- _PROBLEM REQUIREMENTS_:
Reproduce the records below exactly; no pictures.

Phrase grounding data:
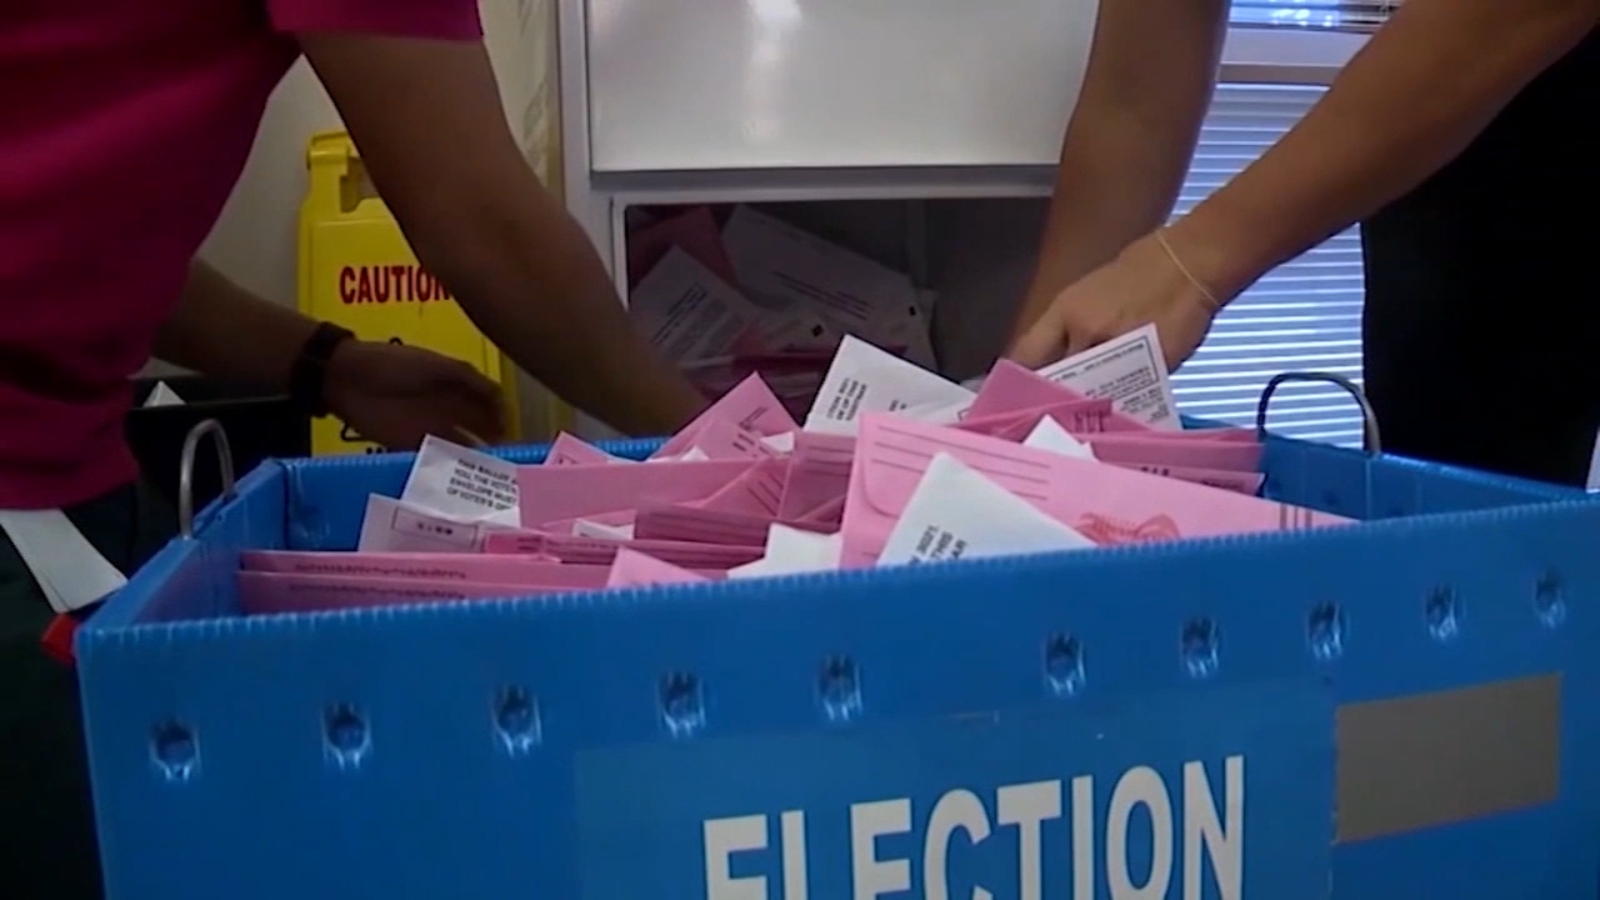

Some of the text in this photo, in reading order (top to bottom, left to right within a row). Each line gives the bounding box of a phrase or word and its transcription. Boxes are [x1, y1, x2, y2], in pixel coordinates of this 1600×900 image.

[340, 265, 450, 304] CAUTION
[479, 466, 509, 481] BALLOT
[450, 477, 493, 496] ENVELOPE
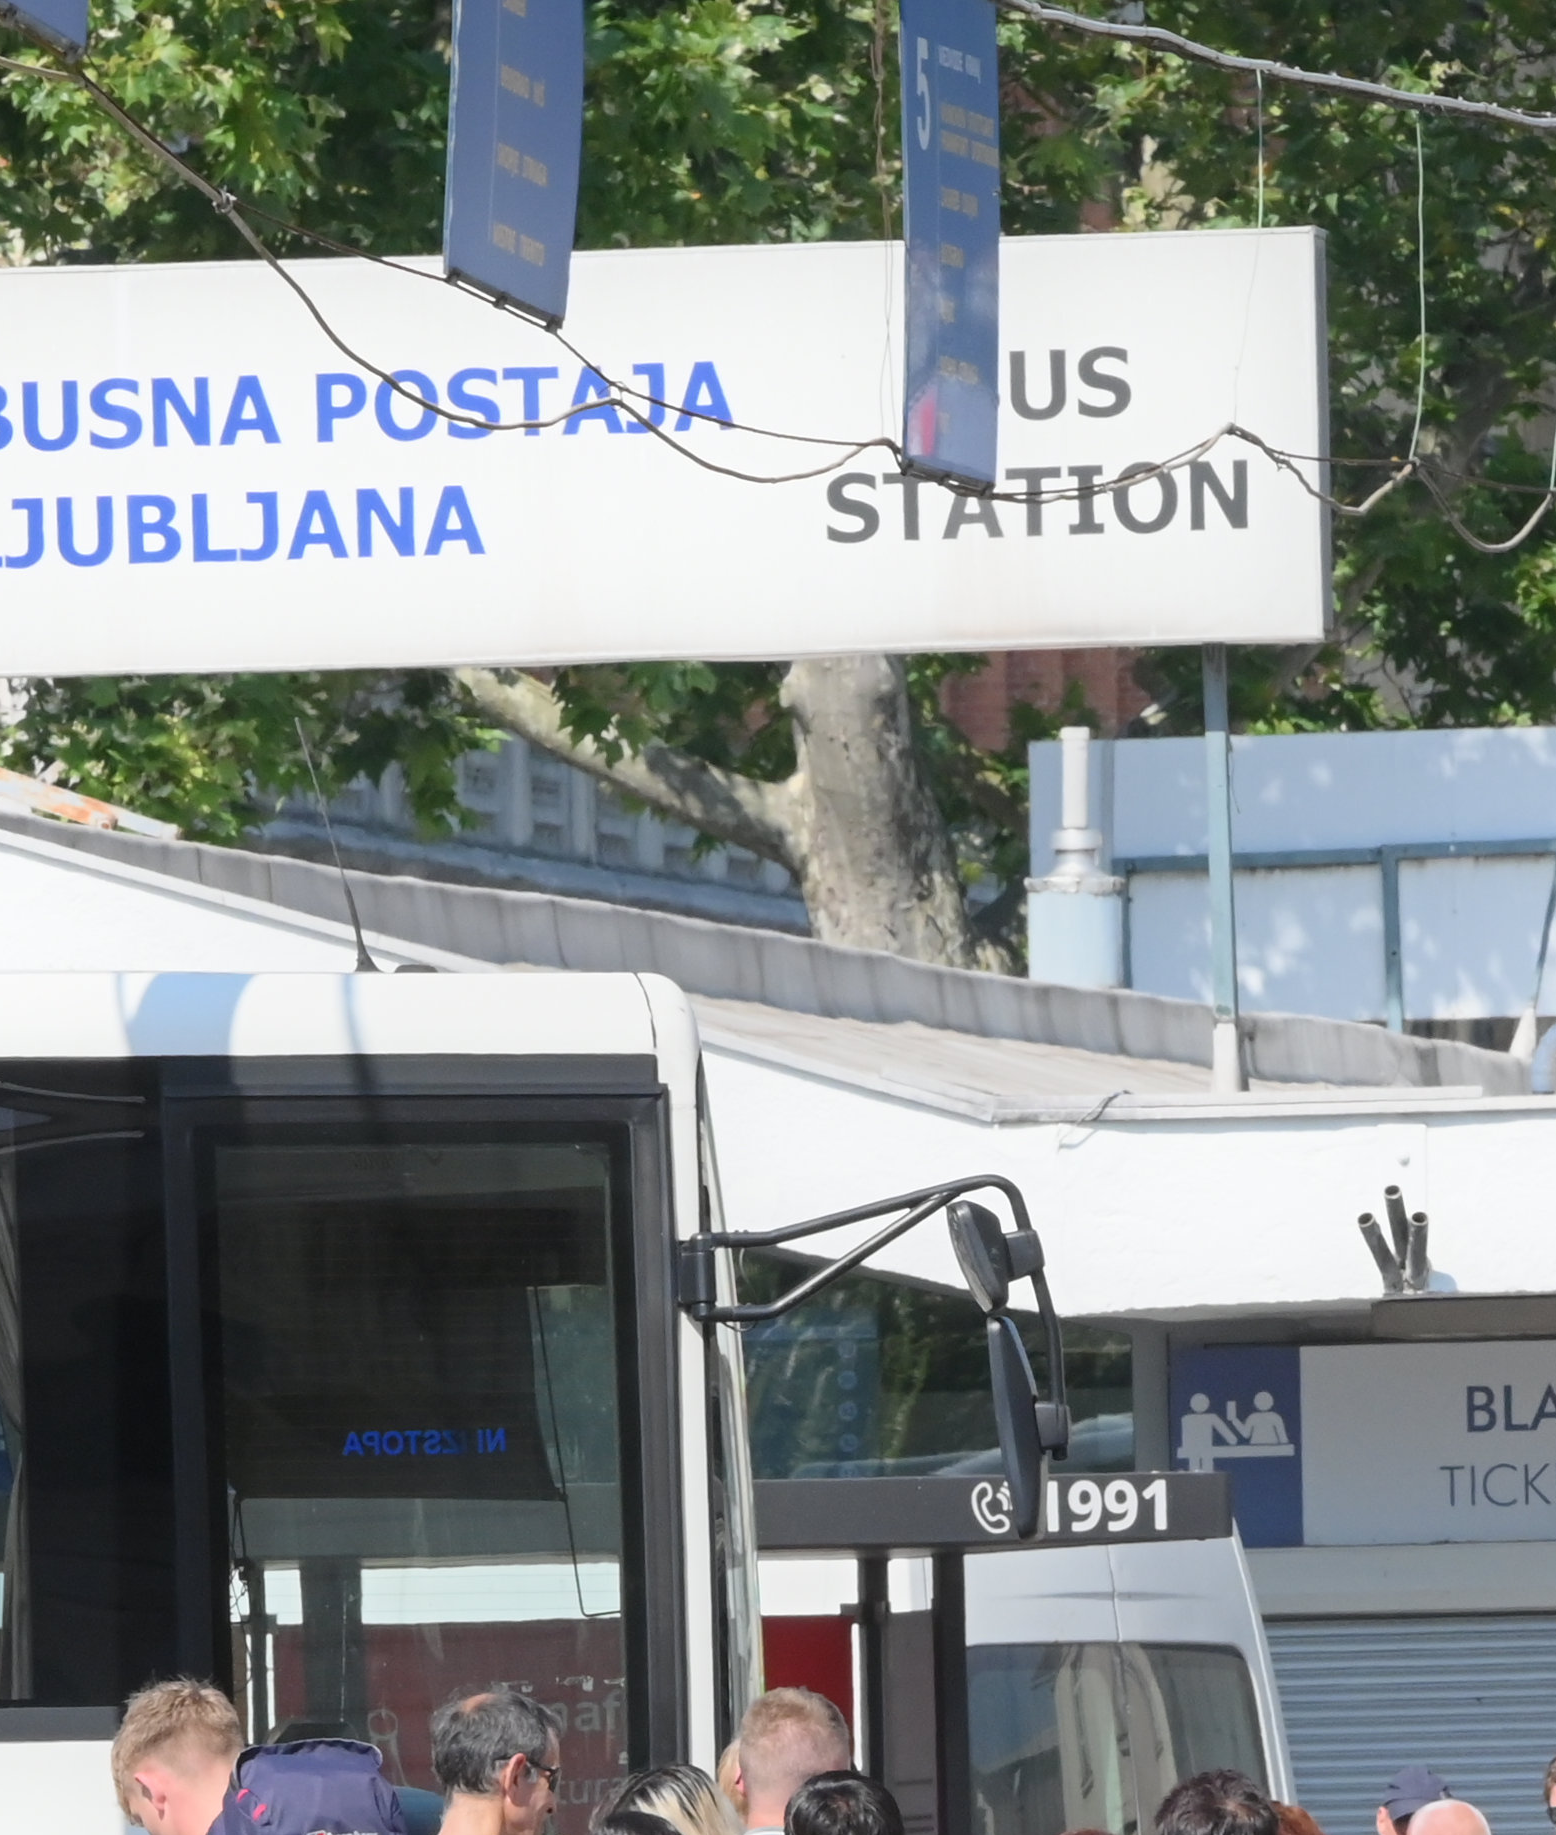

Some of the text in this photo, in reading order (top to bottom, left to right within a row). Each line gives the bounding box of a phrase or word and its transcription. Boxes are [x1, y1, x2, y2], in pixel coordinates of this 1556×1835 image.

[316, 360, 739, 443] POSTAJA
[1009, 345, 1133, 420] US
[826, 459, 1249, 544] STATION
[1046, 1479, 1168, 1533] 1991

- _RESULT OF THE TASK_:
Some of the text in this photo, in reading order (top to bottom, left to right within a row). Each line gives the bounding box of a phrase or word and its transcription. Boxes are [x1, y1, x2, y2], in pixel coordinates of this 1600×900 image.

[340, 265, 450, 304] CAUTION
[479, 466, 509, 481] BALLOT
[450, 477, 493, 496] ENVELOPE

Some of the text in this photo, in reading order (top to bottom, left to right within a row). Each line gives the bounding box of a phrase or word and its transcription. Boxes are [x1, y1, x2, y2], in pixel coordinates of this 1556×1835 image.

[316, 360, 739, 443] POSTAJA
[1009, 345, 1133, 420] US
[826, 459, 1249, 544] STATION
[1046, 1479, 1168, 1533] 1991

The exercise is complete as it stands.